The ancient Greeks spoke of time not as a single thread but as a tapestry woven from distinct strands. Chronos marked the steady, sequential passage of time, the ticking clock, the turning calendar. In contrast, Kairos captured the fleeting moment of opportunity, the instant when action could change everything.
For investors, it is Chronos that proves the most powerful ally: not sudden fortune or the impossibility of perfect market timing, but the quiet, relentless march of time that allows compounding to work its magic. That principle underpins this article, as we look back at investment trust performance since the turn of the millennium, highlighting the top performers and the factors behind their long-term success.
The quarter-century champions
Over the past quarter of a century (to August 2025) a handful of trusts have turned invested capital into extraordinary outcomes, although likely not without testing the conviction of those who held them. Investors endured the dotcom collapse, the global financial crisis, the pandemic crash and the sharpest rise in inflation and interest rates in a generation. Yet the closed-ended structure of trusts, freeing managers from redemption pressures, allowed strategies to play out through thick and thin. Compounding did the rest.
So, which names rose to the top?

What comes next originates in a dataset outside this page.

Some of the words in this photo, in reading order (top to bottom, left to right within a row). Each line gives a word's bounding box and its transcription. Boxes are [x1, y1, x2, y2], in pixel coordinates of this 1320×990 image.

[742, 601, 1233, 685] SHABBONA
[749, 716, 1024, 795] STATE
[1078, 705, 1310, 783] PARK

After 25 years of crises and recoveries, here are the 10 best performers ranked by share price total return, alongside the growth of a hypothetical £10,000 investment in both nominal and real growth (inflation-adjusted) terms.
All performance and risk metrics throughout are based on share price returns to reflect actual investor experience; where NAV data is used, it is clearly noted. Importantly, every trust in the top 10 not only delivered substantial absolute gains and real growth over inflation but also comfortably outpaced both the FTSE All-Share and FTSE World indices, underlining the scale of value created.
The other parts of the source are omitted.